Es ist eng geworden im weitläufigen Russland. Intellektuelle und kulturelle Freiräume schrumpfen schon seit Jahren, innerhalb der vergangenen 24 Monate in einer bislang ungeahnten Geschwindigkeit. Die Gedanken sind frei, heißt es in einem alten deutschen Lied, und das sind sie auch in Russland, sogar heute. Nicht aber das geschriebene oder gesprochene Wort. Einen Umgang mit dieser Situation zu finden, ist keine leichte Angelegenheit.
Oleg Aronson, Philosoph, Kunstwissenschaftler und Experte für Filmtheorie, hatte sich jahrelang mit den politischen und gesellschaftlichen Umbrüchen in der Ukraine befasst. Wirklich daran glauben, dass es irgendwann einmal zu einem Krieg kommen wird, wollte er nicht. Auf einer rationalen Ebene ging er hingegen immer davon aus, dass ein solcher Krieg möglich ist.
Als es dann so weit war, setzte er seine Arbeit unbeirrt fort. »Das liegt wahrscheinlich an meinem rudimentär ausgeprägten Gefahrenempfinden«, sagte er im Gespräch. Am 24. Februar 2022 hielt er, wie so oft zuvor, in der Schule des neuen Kinos eine Vorlesung, in der er ganz offen seine Einstellung zu dem aggressiven Angriff Russlands auf die Ukraine darlegte.
Gebeten, den Krieg nicht als solchen zu bezeichnen
Einmal wurde er vor einem Vortrag gebeten, den Krieg nicht als solchen zu bezeichnen. Als Alternative ersetzte er das Wort durch »Katastrophe« – in der Hoffnung, die Anwesenden verstünden, was er damit sagen wollte. Alles in allem hatte er als klarer Kriegsgegner nicht das Gefühl, in Gefahr zu schweben, im Unterschied zu vielen anderen, die noch im Februar das Weite gesucht hatten.
Keine Frage, Russland sei ein depressives Gebiet und die allgemeine Situation belastend. »Aber in Moskau fühlte sich das nicht ganz so extrem an«, erinnert sich Aronson. Denn dort bewege er sich unter Gleichgesinnten. Bei einer Minsk-Reise zu seinen Angehörigen sei er im Kontrast dazu mit einer hypernervösen und angespannten Atmosphäre konfrontiert worden.

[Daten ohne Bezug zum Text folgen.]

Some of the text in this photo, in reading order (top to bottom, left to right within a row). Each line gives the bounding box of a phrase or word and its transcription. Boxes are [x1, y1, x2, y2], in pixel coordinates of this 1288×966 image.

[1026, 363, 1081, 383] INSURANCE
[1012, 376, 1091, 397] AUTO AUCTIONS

Im ersten Kriegsjahr verlief bei Oleg Aronson noch alles glimpflich. Genauer gesagt, bis Juli 2023. Dann geriet er ins Visier des Parlamentsabgeordneten und Ex-Geheimdienstmitarbeiters Andrej Lugowoj, der weltweit Bekanntheit erlangt hatte, weil er 2006 in London den Kremlkritiker Alexander Litwinenko vergiftet hatte. Im Telegram-Messenger verwies Lugowoj auf eine im deutschen LIT Verlag, einem der führenden deutschsprachigen Wissenschaftsverlage, in russischer Sprache erschienene Textsammlung unter dem Titel »Im Angesicht der Katastrophe«. Darin enthalten sind kritische Reflexionen über die Auswirkungen des Krieges, unter anderem von Aronson, der Lugowojs Vorgehen als Denunziation bezeichnet.

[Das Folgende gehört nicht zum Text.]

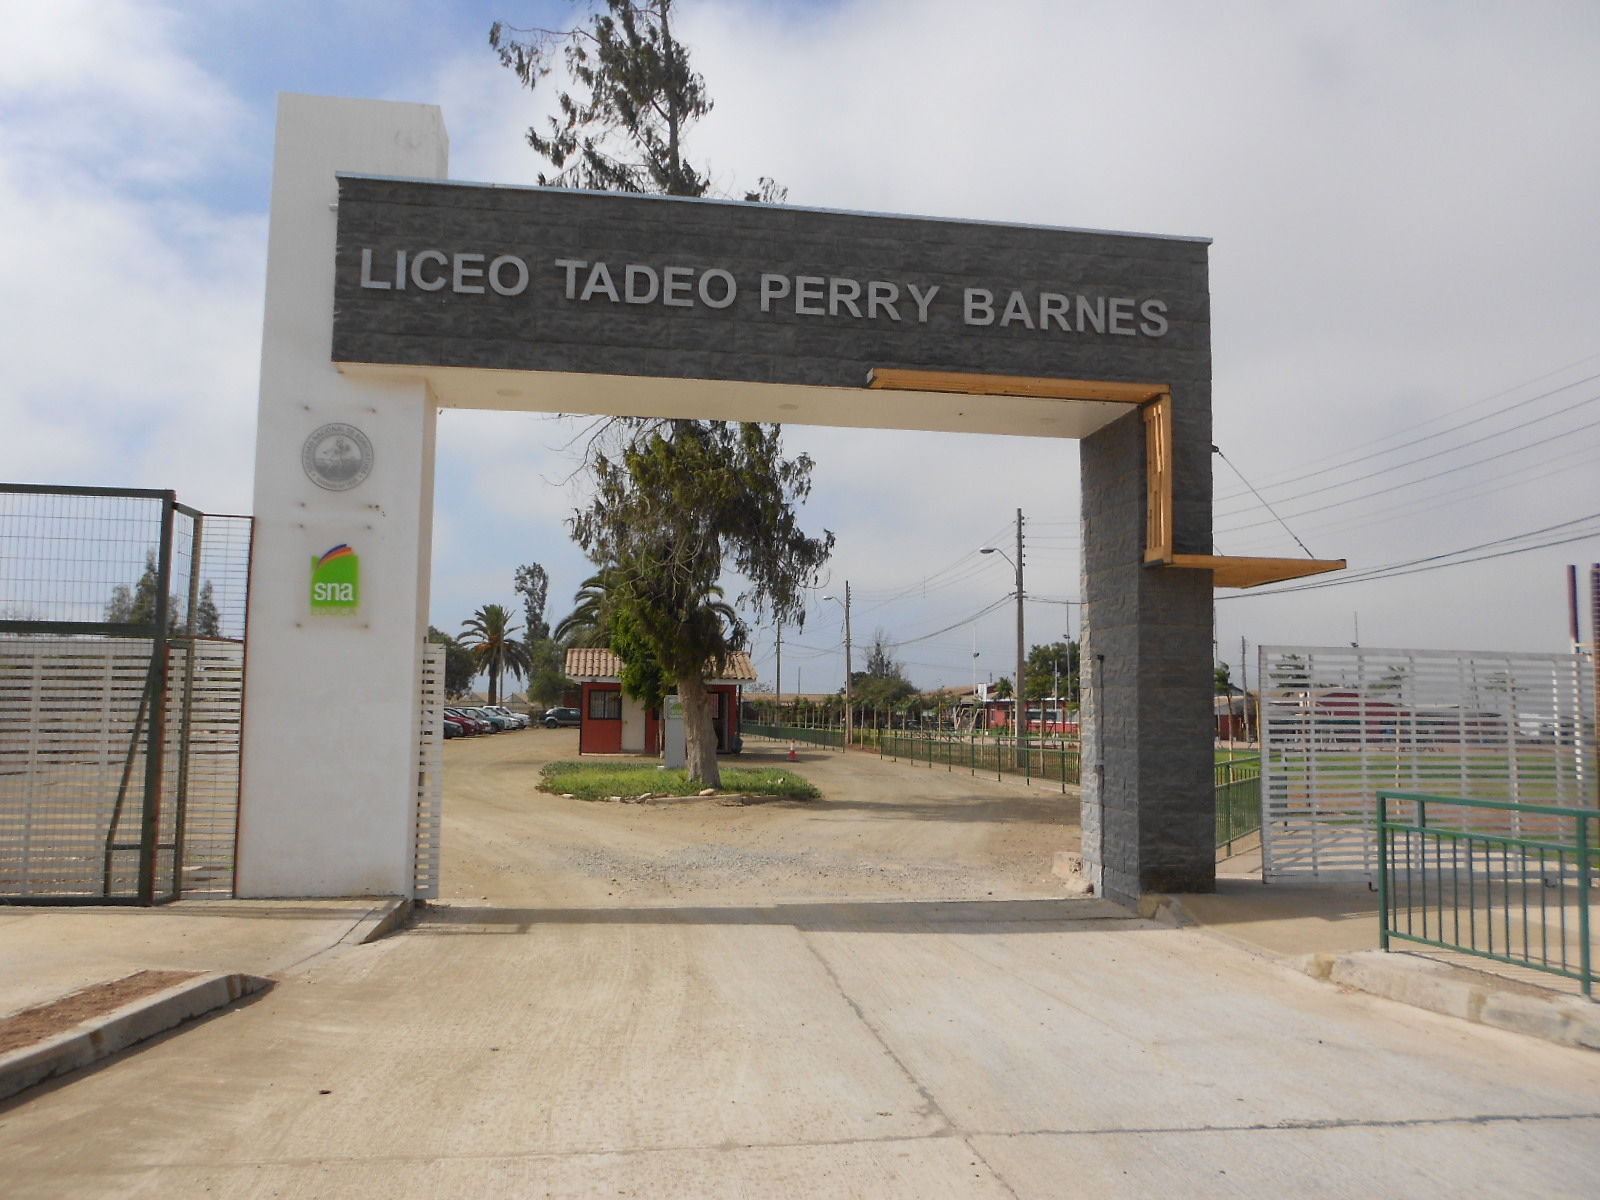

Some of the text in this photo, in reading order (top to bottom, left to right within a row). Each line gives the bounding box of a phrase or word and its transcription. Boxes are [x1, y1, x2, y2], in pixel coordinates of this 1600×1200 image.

[361, 249, 1169, 337] LICEO TADEO PERRY BARNES
[314, 582, 354, 601] sna

Das Erscheinungsdatum lag da bereits rund ein halbes Jahr zurück. Auffallend sei, dass im ersten Denunziationsschreiben nur drei Namen auftauchten, nämlich die der Philosophinnen Elena Petrowskaja und Oksana Timofejewa sowie des Philosophen Oleg Aronson.
Ihm scheint dieser Umstand kein Zufall zu sein, weil es sich um Mitarbeitende oder ehemalige Mitarbeitende der Akademie der Wissenschaften handelte, die ihre Haltung zur Ukraine nicht versteckten. Im Februar 2022 gehörten Elena Petrowskaja und Oleg Aronson beispielsweise zu den Unterzeichnern eines offenen Briefs russischer Wissenschaftler und Wissenschaftsjournalisten gegen den Krieg.
»Enorme Angst und das Fehlen einer rechtlichen Absicherung, wie zu Stalins Zeiten.«
Oleg Aronson
Lugowoj begnügte sich indes nicht nur mit einer Notiz, sondern wandte sich auch an die Generalstaatsanwaltschaft. Später verbot ein Gericht die Publikation. Ende Juli erschien dann ein diffamierender Text im nationalistischen und antisemitischen Hetzblatt »Zavtra«. Der Autor kannte Oleg Aronson von Veranstaltungen in einem seit vielen Jahren existierenden unabhängigen Moskauer Buchladen, in dem sich ein politisch interessiertes Publikum einfindet. Bis spätestens 2014 sei es noch normal gewesen, sich dort auch mit politischen Kontrahenten auszutauschen. Heute ist es undenkbar.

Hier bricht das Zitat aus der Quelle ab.